New search engine Cuil has opened to the public, and with it, the requisite comparisons and challenges to Google, former employer of Cuil's engineering team. But the site is experiencing much downtime in its first day.

Built with $33 million in venture capital from Greylock Partners, Madrone Capital Partners, and Tugboat Ventures, Cuil is made up of an all-star team of Web technology veterans. The husband and wife founders are Tom Costello, creator of Xift, and Anna Patterson, creator of Recall, a technology now used by Google. Rounding out the team are ex-Google engineers Russell Power and Louis Monier, also the ex-CTO of AltaVista.

Cuil's claim to fame is that its search index contains over 120 billion sites, which it says is more than Google. The search engine features a homepage that shares Google's minimalist design ethic. Query results are returned in a columned and tabbed window not unlike the "GluePage" Yahoo tested earlier this year in India.

Recent remarks made by Patterson to the media that challenge Google are a definite misstep for the parvenu engine. She has been quoted as saying she believed Cuil's index was at least three times the size of Google's, a number which would otherwise have been difficult to substantiate, as Google does not regularly advertise the size of its index.

However, responding to inquiries about this statement, Google came out in its blog Friday, saying it regularly scans through over a trillion unique Web links, but doesn't index duplicates or inferior results.

A further challenge to Google, the Cuil team also touts superior user privacy, as the site does not use cookies or record user IP addresses. Google has faced considerable criticism from privacy advocates for its data retention policies.

Undoubtedly the most important aspect of a search engine is user experience and the quality of query results it yields. In BetaNews tests this afternoon (access to the site has been sporadic, with frequent "unavailable" messages), Cuil came up short in boh areas.

Cuil results page

Searches for the term "torino" yielded no results, but "Torino" (with a capital T) gave a considerable list of hits. The term "Commodore 64," one of the most popular computers of the 8-bit age turned up zero results, regardless of case. The same happened in a search for "Windsor."
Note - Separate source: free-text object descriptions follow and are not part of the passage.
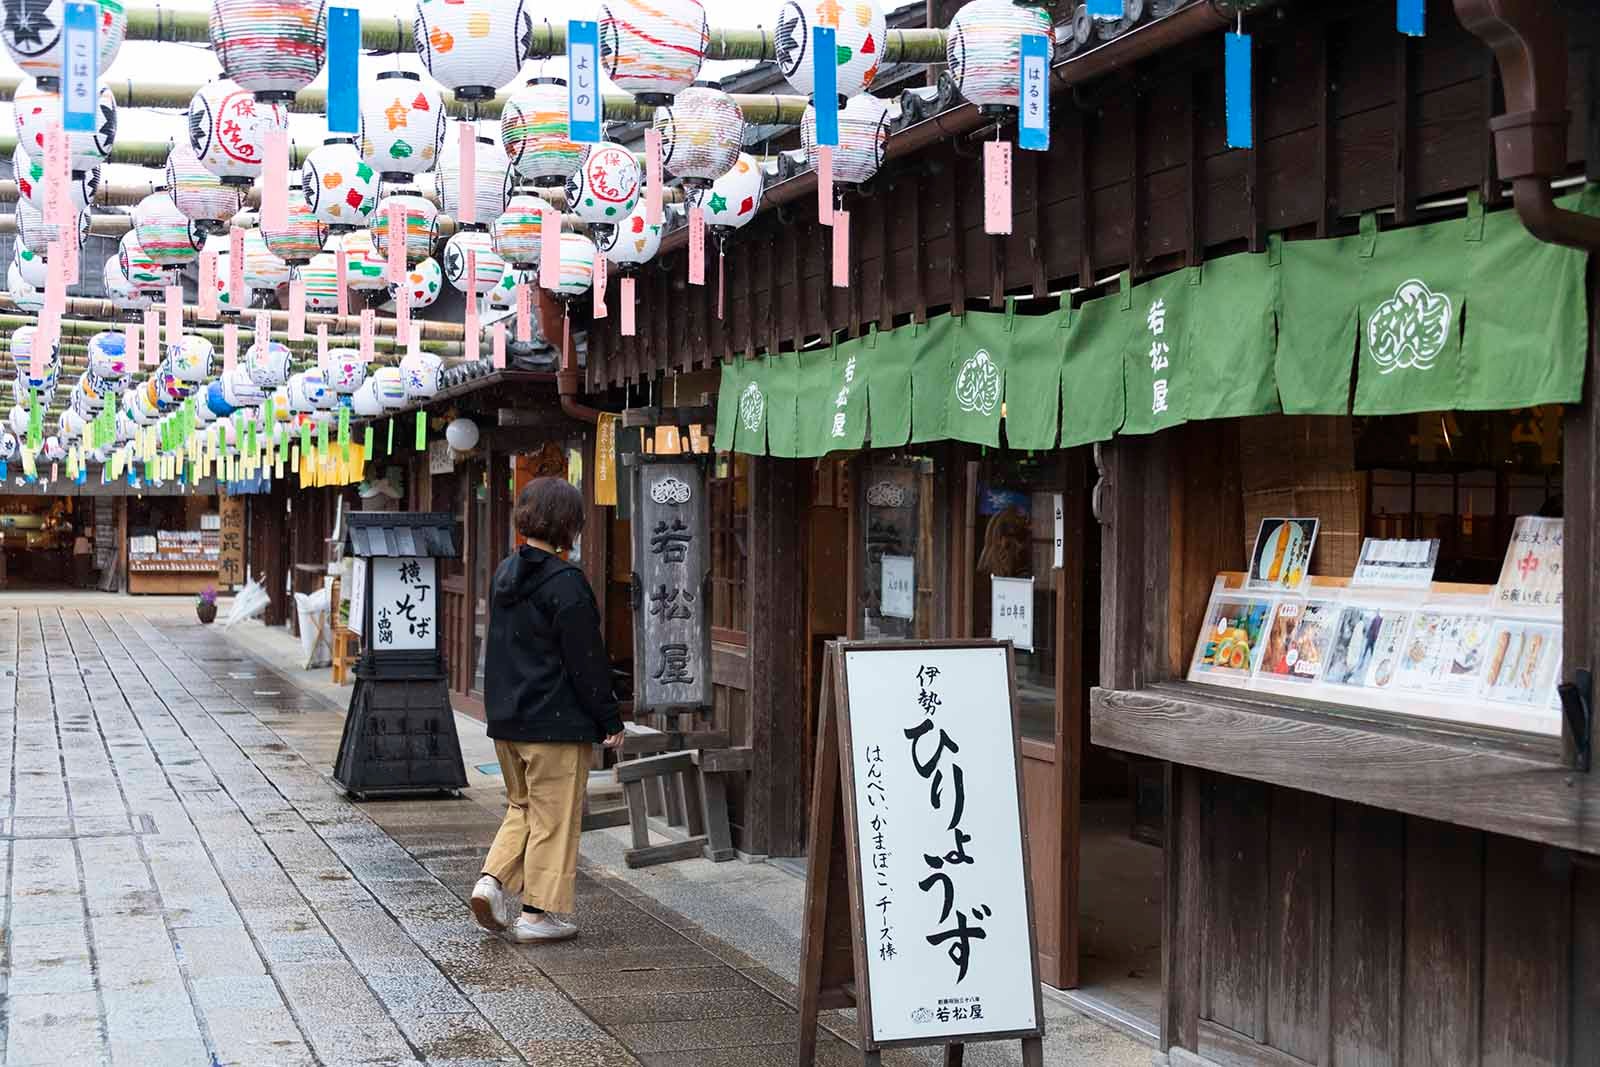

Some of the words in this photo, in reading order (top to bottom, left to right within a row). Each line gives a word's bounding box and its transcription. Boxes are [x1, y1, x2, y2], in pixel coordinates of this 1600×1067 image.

[576, 55, 590, 107] よしの
[1028, 67, 1041, 116] はるき
[1147, 298, 1169, 414] 若松屋
[830, 355, 857, 438] 若松屋
[377, 606, 393, 645] 小西湖
[395, 560, 432, 639] 横丁そば
[649, 519, 694, 686] 若松屋
[916, 664, 942, 716] 伊勢
[903, 718, 992, 985] ひりょうず
[935, 1004, 985, 1023] 若松屋
A side-by-side comparison with Google and the search terms "barrage of noise" is shown below, Cuil returned no information, and Google returned over 90 thousand pages of links.

Cuil's failed search


Same search terms put in Google

While Cuil is sill brand new and a promising new entry into the search engine category, a public relations attack on Google risks making the company look amateurish. If industry leaders like Microsoft and Yahoo still fall behind Google in search share, a startup needs to really offer something special before it can hope to challenge Google.

Another potential issue facing the newcomer is the name it chose. The arcane name "Cuil" is a play on Gaelic hero Fionn mac Cumhaill, better known as "Finn MacCool," meaning the service is pronounced "Cool." However, a simple re-arrangement of Cuil points to an adult-themed site, as the typo is slang in some romance languages for a particular body part.